Asian Eyelid Surgery Limits of Changing Eye Shape

Can I change the shape of my Asian eyes with eyelid surgery?
The desire for a double eyelid fold or eyelid crease drives the overwhelming popularity
of Asian eyelid surgery.
Asian eyelid surgery does not describe only one type of surgery.
The term Asian eyelid surgery can include procedures for any one of the following:
A young person who lacks a fold and wants a double eyelid fold
A middle aged or older person with sagging skin and fat pockets
An individual with drooping eyelid caused by a weak muscle usually referred to as “ptosis”
Someone who has a fold of skin covering the inner corner of the eyes called the epicanthal
fold who wants the eyes to appear larger and show more of the inner corner of the eyes
In the next few minutes, I will discuss how I evaluate and plan with my patients the shape
in double eyelid surgery.
I’m Dr Amiya Prasad.
I’m a Board Certified Cosmetic Surgeon and Fellowship Trained Oculoplastic Surgeon.
I’ve been in practice in Manhattan and Long Island for over 20 years.
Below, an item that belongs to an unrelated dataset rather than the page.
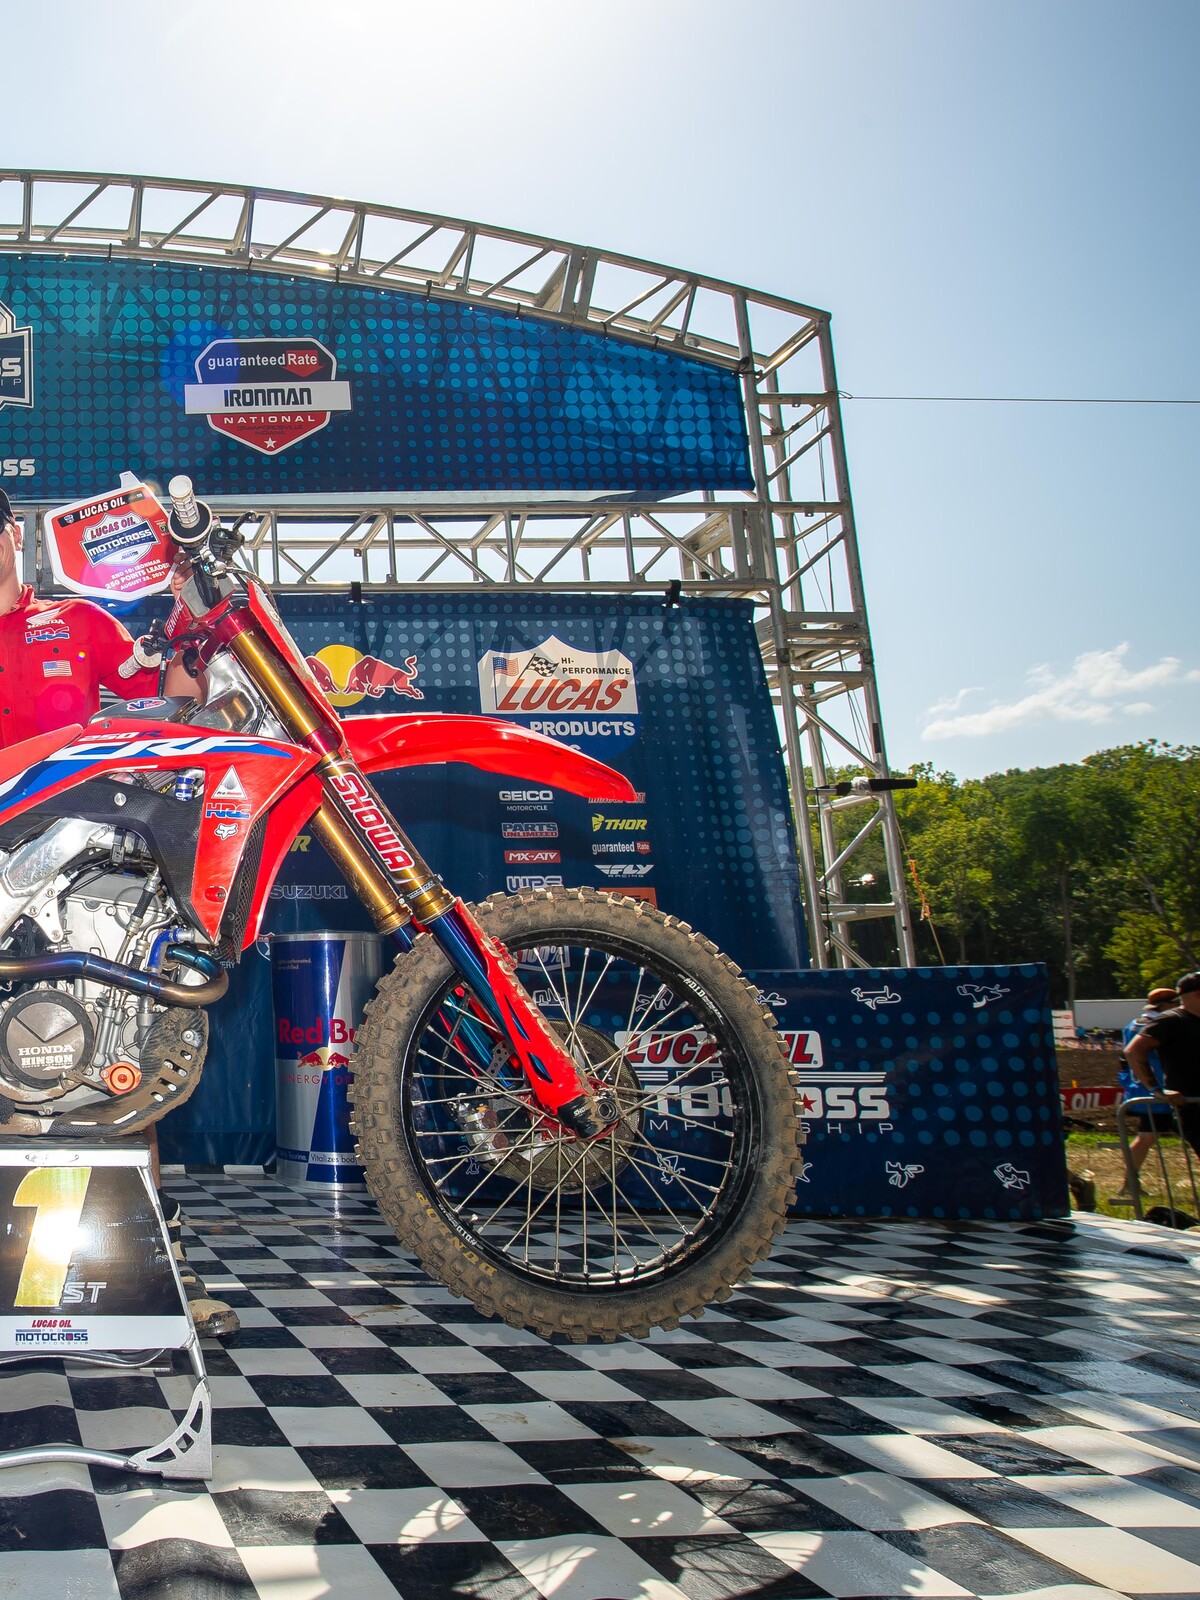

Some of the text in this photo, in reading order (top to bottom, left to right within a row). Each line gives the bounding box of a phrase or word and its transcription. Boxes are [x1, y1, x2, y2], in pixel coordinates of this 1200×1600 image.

I have been performing non-incisional and incisional double eyelid surgery throughout
my career, as well as epicanthoplasty and eyelid ptosis surgery for patients of Asian
I am known for my natural looking aesthetic style with eyelid surgery, as well as my methods
to achieve shorter healing time with less post-op swelling.
Eyelid Creases
People who come to see me for consultation are concerned about how their eyelids and
crease will look like after double eyelid surgery.
In particular, they express their interest in looking natural after surgery.
So,I show them how their body would naturally have had an eyelid crease.
I do this by using a Q-Tip or an instrument to lift the eyelid skin to create a fold to
revealing what the eyelid crease can look like after surgery.
The anatomy of the eyelid is important to understand.
The backbone of the eyelid is called the tarsus and this structure is used to determines where
the eyelid crease would naturally be and is important when surgery is performed.
In addition, the muscle which lifts the eyelid called the levator muscle is very important
in defining the eyelid crease.
When a natural crease is present, there are connections between the muscle and the skin.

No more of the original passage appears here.